YOUR OBJECTIVE: Start at the first line below and write out everything verbatim except the pictures.

RAW DATA:

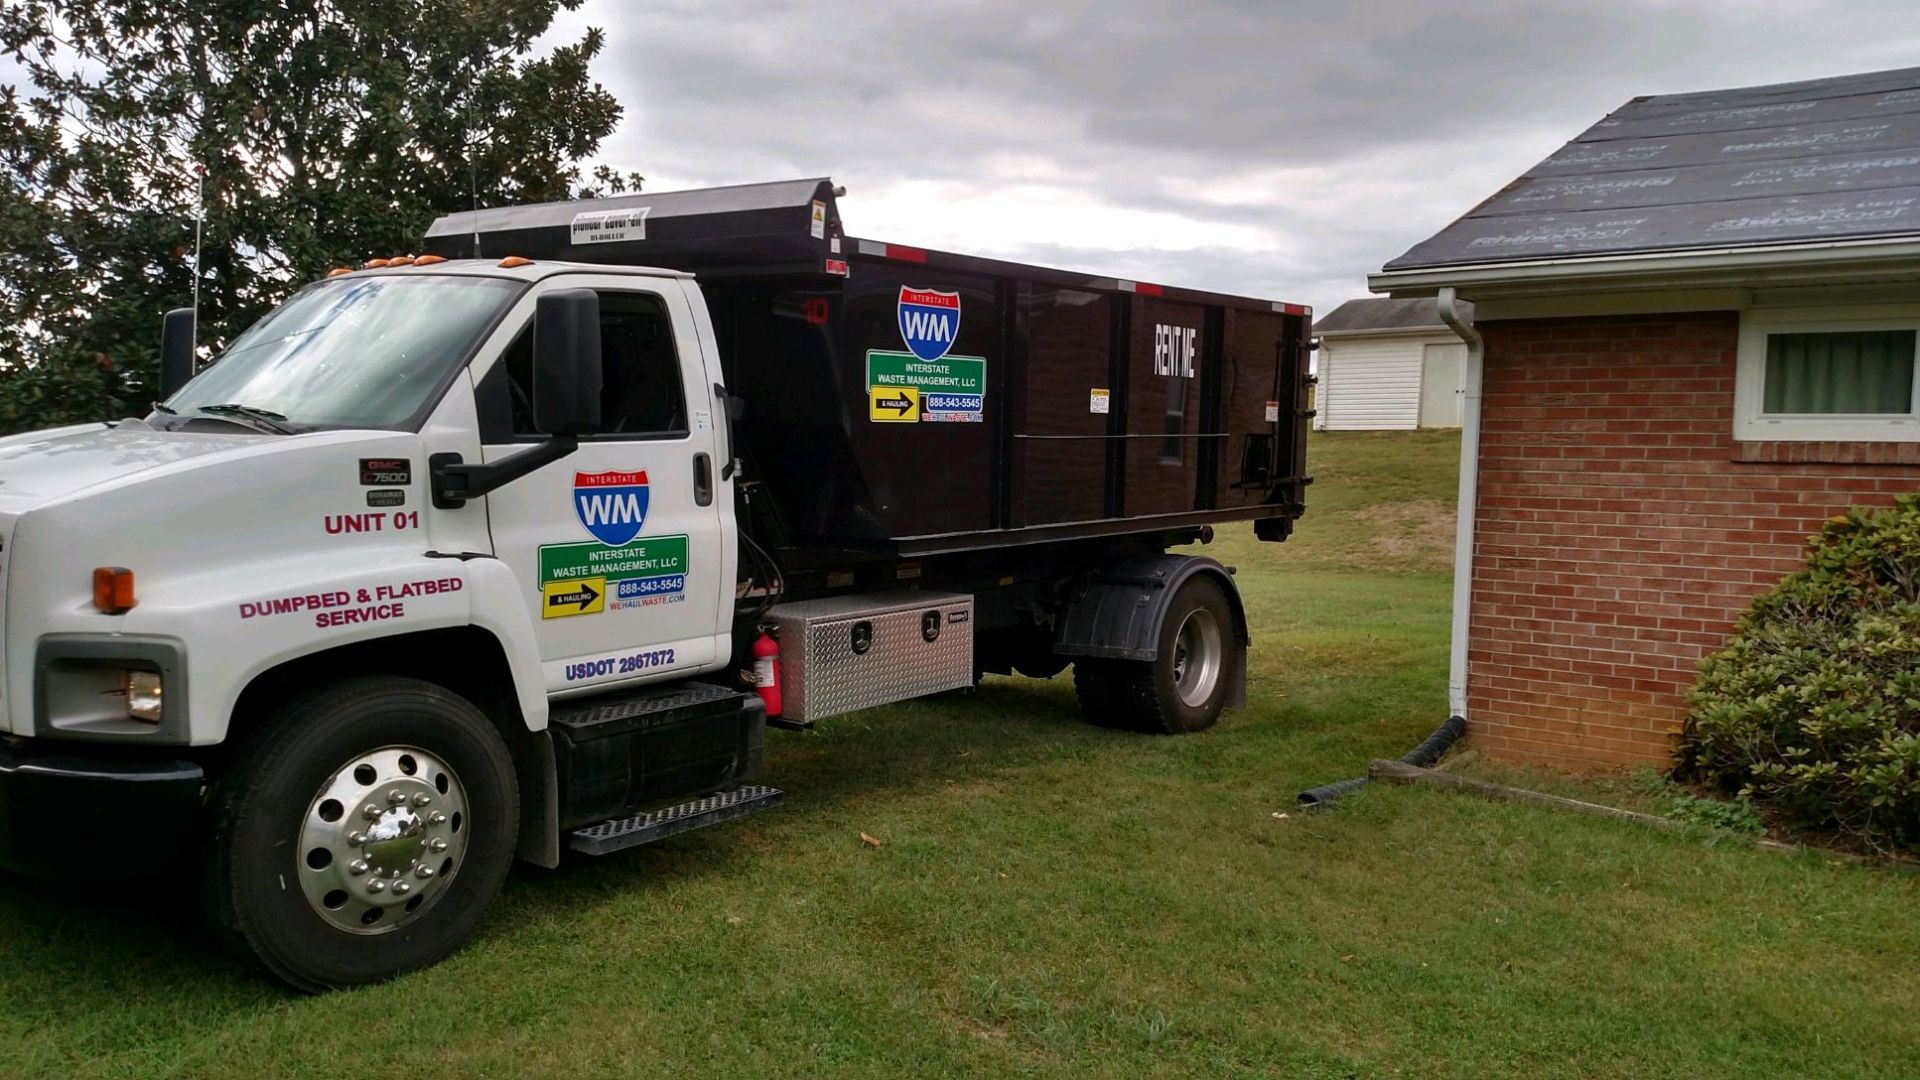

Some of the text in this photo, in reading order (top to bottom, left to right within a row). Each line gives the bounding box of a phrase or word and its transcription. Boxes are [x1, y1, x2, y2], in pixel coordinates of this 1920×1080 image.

[910, 294, 950, 306] INTERSTATE
[904, 311, 950, 342] WM
[1154, 323, 1196, 378] RENT ME
[906, 363, 950, 374] INTERSTATE
[878, 374, 976, 388] WASTE MANAGEMENT, LLC
[929, 397, 980, 408] 888-543-5545
[367, 461, 401, 469] GMC
[586, 475, 637, 485] INTERSTATE
[580, 493, 642, 526] WM
[325, 511, 419, 535] UNIT 01
[589, 548, 646, 561] INTERSTATE
[553, 557, 678, 578] WASTE MANAGEMENT, LLC
[619, 577, 683, 595] 888-543-5545
[239, 577, 463, 619] DUMPBED & FLATBED
[563, 592, 592, 603] HAULING
[610, 594, 685, 610] WEHAULWASTE.COM
[315, 602, 404, 628] SERVICE
[565, 648, 675, 681] USDOT 2867872
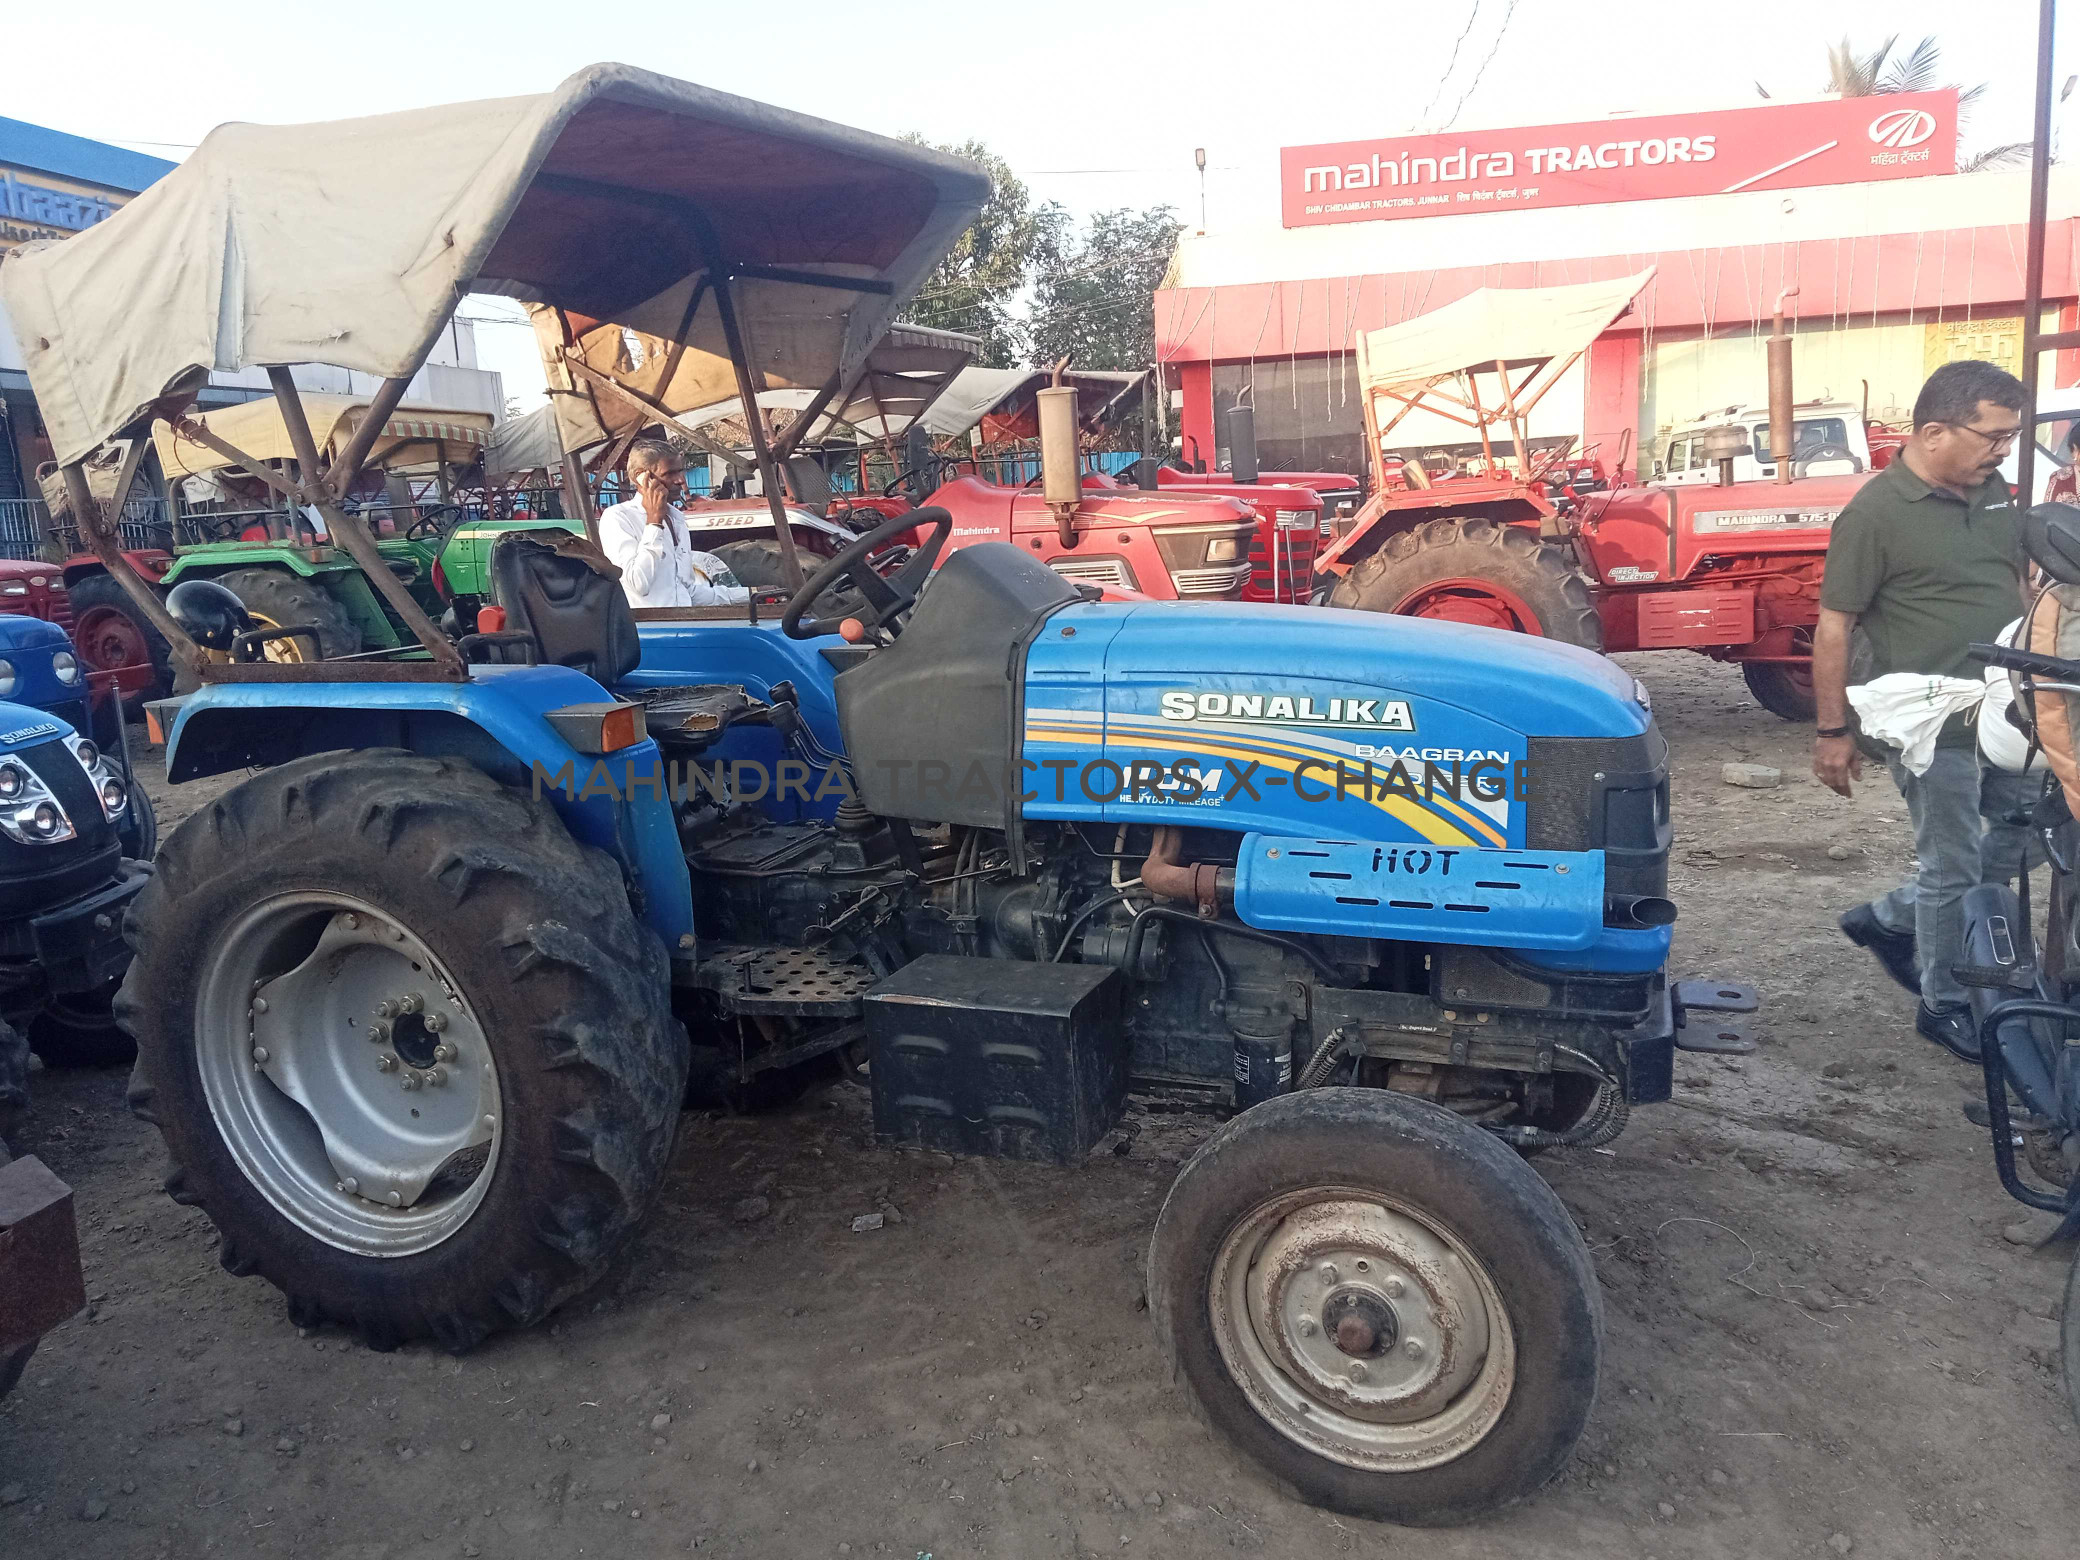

REPLY TO THE TASK:
Some of the text in this photo, in reading order (top to bottom, left to right within a row). Each line gives the bounding box of a phrase or word and its transcription. Boxes are [x1, y1, x2, y2], in pixel coordinates of this 1920×1080 image.

[910, 294, 950, 306] INTERSTATE
[904, 311, 950, 342] WM
[1154, 323, 1196, 378] RENT ME
[906, 363, 950, 374] INTERSTATE
[878, 374, 976, 388] WASTE MANAGEMENT, LLC
[929, 397, 980, 408] 888-543-5545
[367, 461, 401, 469] GMC
[586, 475, 637, 485] INTERSTATE
[580, 493, 642, 526] WM
[325, 511, 419, 535] UNIT 01
[589, 548, 646, 561] INTERSTATE
[553, 557, 678, 578] WASTE MANAGEMENT, LLC
[619, 577, 683, 595] 888-543-5545
[239, 577, 463, 619] DUMPBED & FLATBED
[563, 592, 592, 603] HAULING
[610, 594, 685, 610] WEHAULWASTE.COM
[315, 602, 404, 628] SERVICE
[565, 648, 675, 681] USDOT 2867872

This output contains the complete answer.